En segundo lugar. La reiteración de fracasos históricos no siempre demuestra la inviabilidad de ciertos proyectos. Podrían éstos no estar bien proyectados o podrían, efectivamente, no contar con las personas adecuadas para desarrollarlos. El hombre, por ejemplo, ya desde el antiguo mito de Ícaro, pasando por Leonardo da Vinci, ha intentado volar muchas veces, dando siempre con sus huesos en tierra. ¿Significa esto que la pretensión del vuelo es irrealizable y absurda para el hombre y que quienes lo intentan son unos alienados, que en vez de ocupar su inteligencia y sus fuerzas en la realidad posible, las malbaratan en pretensiones imposibles?... En absoluto. No sólo los aviones actuales, con potentes motores, inexistentes en la antigüedad, sino las simples alas-delta o los parapentes han demostrado con la evidencia de los hechos que el vuelo es perfectamente posible para el hombre. ¡Hace ya veinte siglos, y mucho antes aún, era perfectamente posible volar, por ejemplo, en parapente!

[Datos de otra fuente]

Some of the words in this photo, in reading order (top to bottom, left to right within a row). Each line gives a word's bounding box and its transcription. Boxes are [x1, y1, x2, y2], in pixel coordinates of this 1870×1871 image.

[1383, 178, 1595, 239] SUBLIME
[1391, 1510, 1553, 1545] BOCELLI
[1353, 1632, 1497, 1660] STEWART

En otras palabras, el fracaso no demuestra nada. Lo único que demuestra algo es el éxito. De facto ad posse valet illatio.

«Lo mejor es enemigo de lo bueno»

Al intentar comunitariamente unos niveles de perfección evangélica que exceden las posibilidades de los cristianos laicos, fácilmente se ocasionan conflictos en las familias y tensiones voluntaristas en los individuos, con resultados peores que los obtenidos en una vida más normal, es decir, más semejante a la del mundo tópico. Lo mejor puede ser así enemigo de lo bueno.

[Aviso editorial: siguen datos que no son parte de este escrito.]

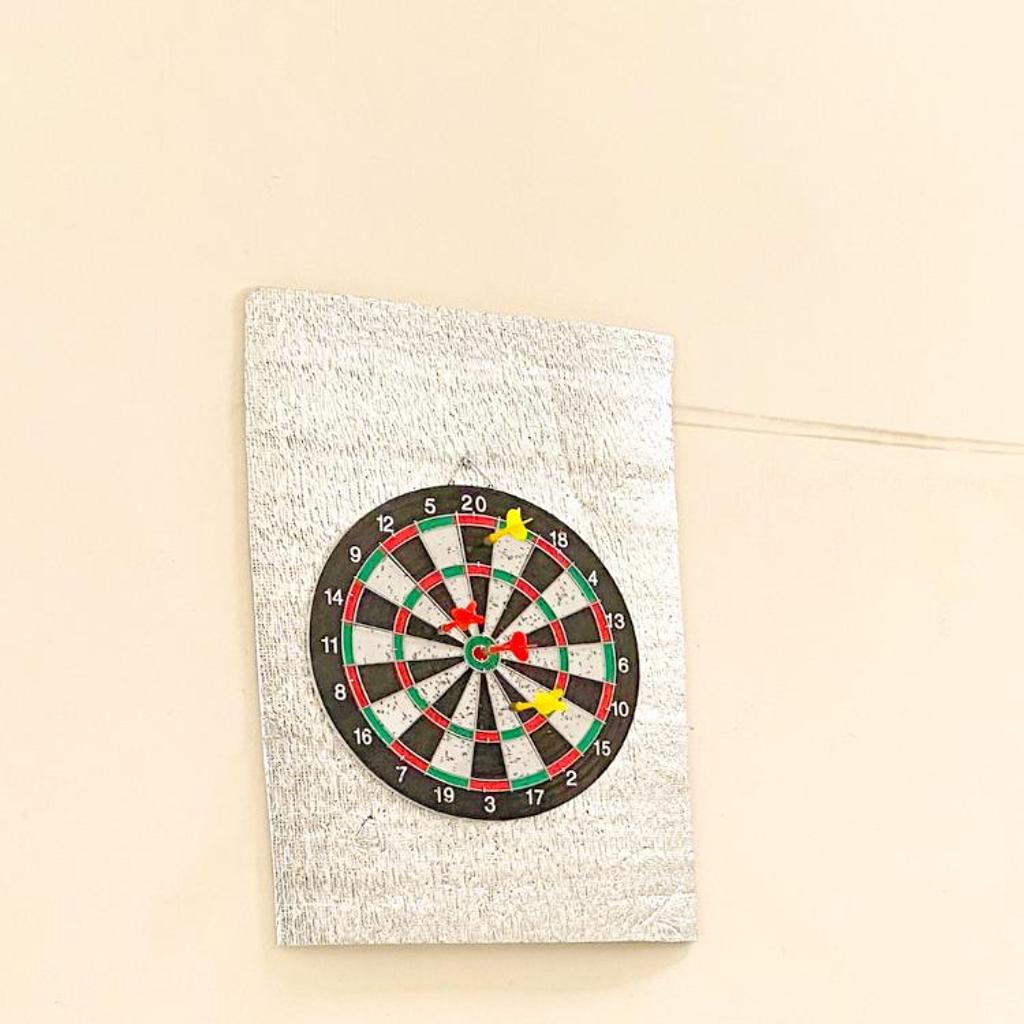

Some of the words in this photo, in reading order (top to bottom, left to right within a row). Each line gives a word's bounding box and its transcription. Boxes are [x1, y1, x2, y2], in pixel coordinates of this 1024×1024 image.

[424, 497, 436, 513] 5
[461, 494, 487, 512] 20
[376, 515, 394, 533] 12
[549, 531, 569, 547] 18
[349, 547, 361, 563] 9
[588, 571, 599, 586] 4
[324, 589, 343, 605] 14
[606, 613, 625, 629] 13
[321, 637, 338, 654] 11
[618, 657, 629, 673] 6
[334, 684, 347, 701] 8
[609, 701, 629, 717] 10
[353, 728, 373, 745] 16
[594, 741, 612, 757] 15
[396, 766, 408, 783] 7
[566, 769, 577, 786] 2
[433, 786, 455, 803] 19
[525, 788, 545, 805] 17
[483, 795, 497, 812] 3
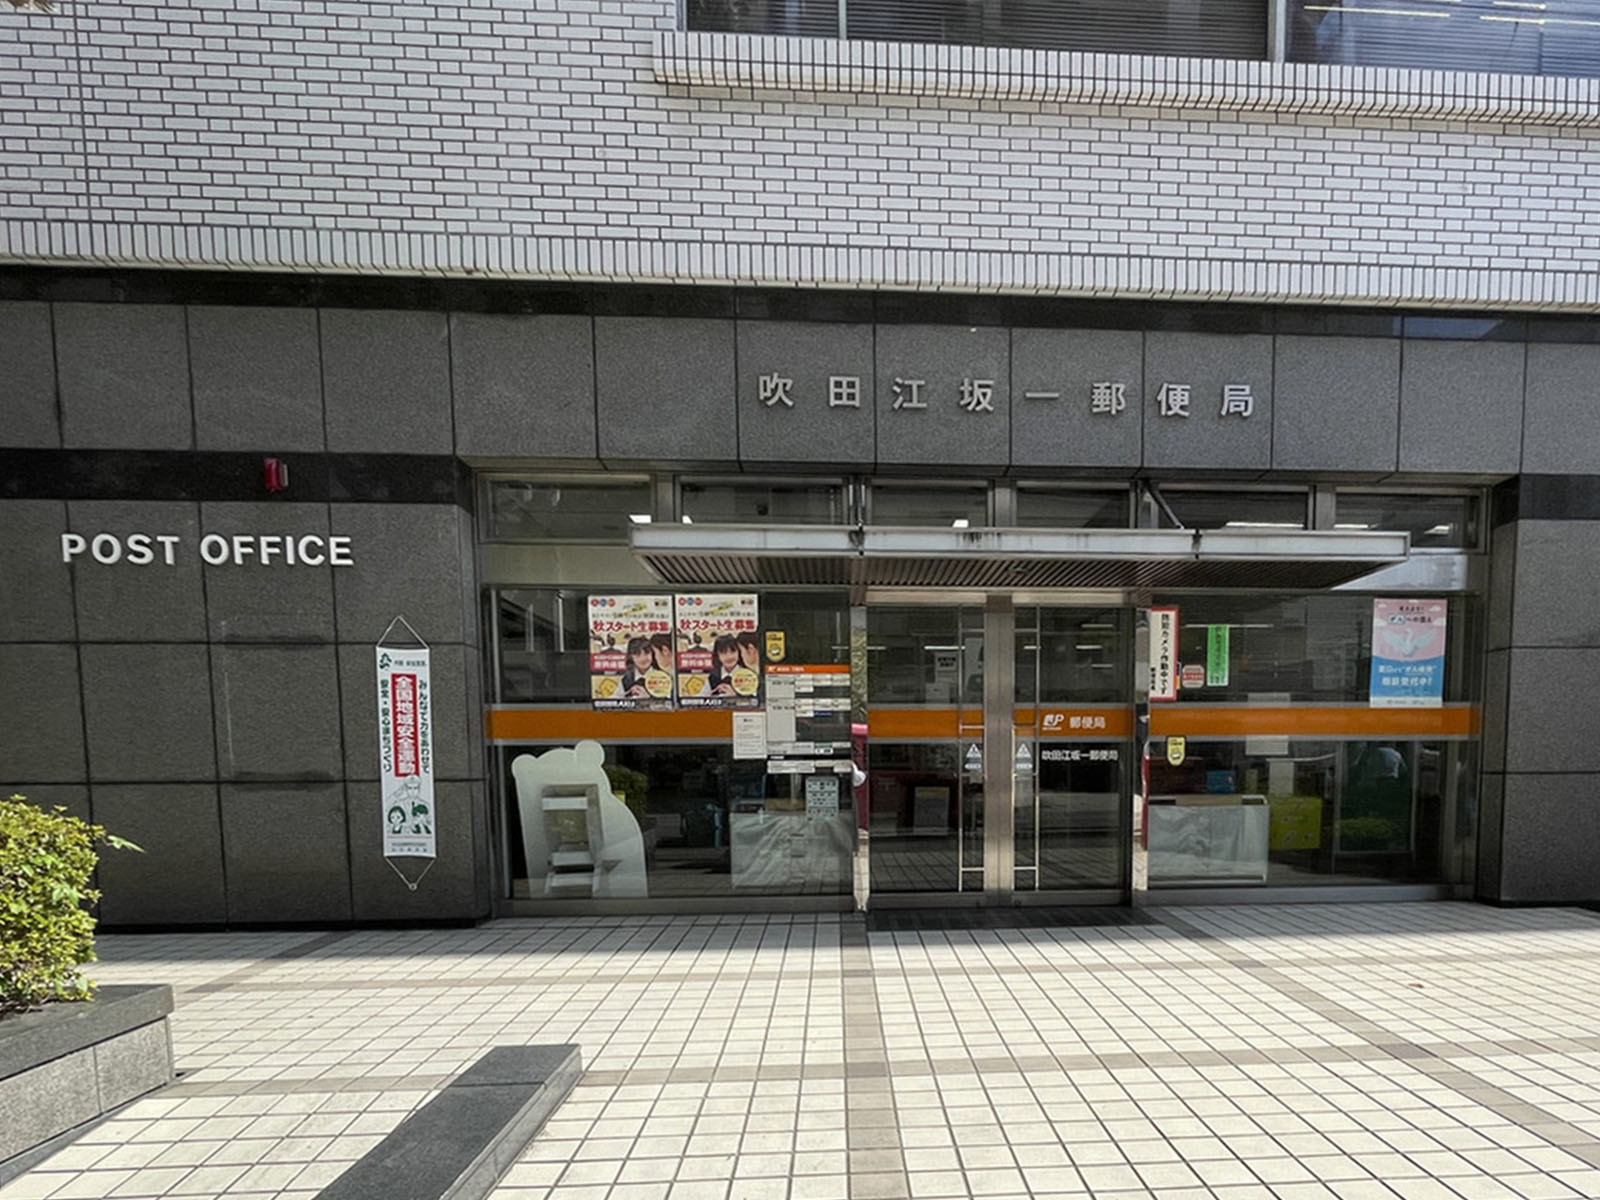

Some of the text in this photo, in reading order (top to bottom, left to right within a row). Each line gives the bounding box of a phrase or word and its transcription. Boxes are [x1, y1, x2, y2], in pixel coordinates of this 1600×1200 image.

[757, 372, 1254, 418] 吹田江坂一郵便局
[61, 533, 354, 566] POST OFFICE
[593, 620, 669, 632] 秋スタート生募集
[680, 619, 755, 631] 秋スタート生募集
[1069, 716, 1106, 729] 郵便局

Habría que hacer a esa posición tantas críticas, que da pereza intentarlo. Esa postura conformista, ignorando la fuerza renovadora de la gracia de Cristo, considera que las conductas utópicas, netamente distintas de las tópicas, exceden las posibilidades de los seglares. Desconoce a un tiempo la fuerza de la gracia y la altísima perfección interior y exterior a la que están eficazmente llamados los laicos cristianos.

Por otra parte, en forma implícita -bastante explícita, por lo demás- esa posición da por buena la forma de vida de los cristianos tópicos relativamente fervorosos. Y considera un error poner en peligro lo bueno por aspirar comunitariamente a un mejor imposible. Es decir, no considera un horror que, a causa del género de vida que llevan, tantas veces estos cristianos -según ellos mismos confiesan- se ven habitualmente incapaces para la lectura espiritual, para la limosna o para transmitir la fe a sus hijos, impedidos para la acción apostólica o asistencial, con plomo en las alas para levantar el vuelo diario de la oración.

Si estos cristianos buenos se quedan encerrados en su mediocre situación tópica, si estiman que ésta es buena o tolerable, asegurando en todo caso que dentro de ella pueden perfectamente llegar a la más alta santidad, sin hacer apenas nada por modificarla, matan la fuerza utópica del Evangelio, pues ellos, los que siguen una vida buena, son precisamente los únicos que podrían salir a la utopía de lo mejor.

En fin, no sigo, porque hemos de volver sobre el tema. Sólo añadiré que el peligro de que los cristianos buenos se crean excelentes por comparación relativa a una masa innumerable de cristianos malos -«ya vamos bien»- es indeciblemente grande. Llevan en buena parte los caminos torcidos de un mundo pagano o apóstata, sin hacer grandes empeños por enderezarlos. Y todavía se consideran buenos.

Ya se ve que «lo bueno es enemigo de lo mejor».

«Hay que encarnarse en las realidades del mundo»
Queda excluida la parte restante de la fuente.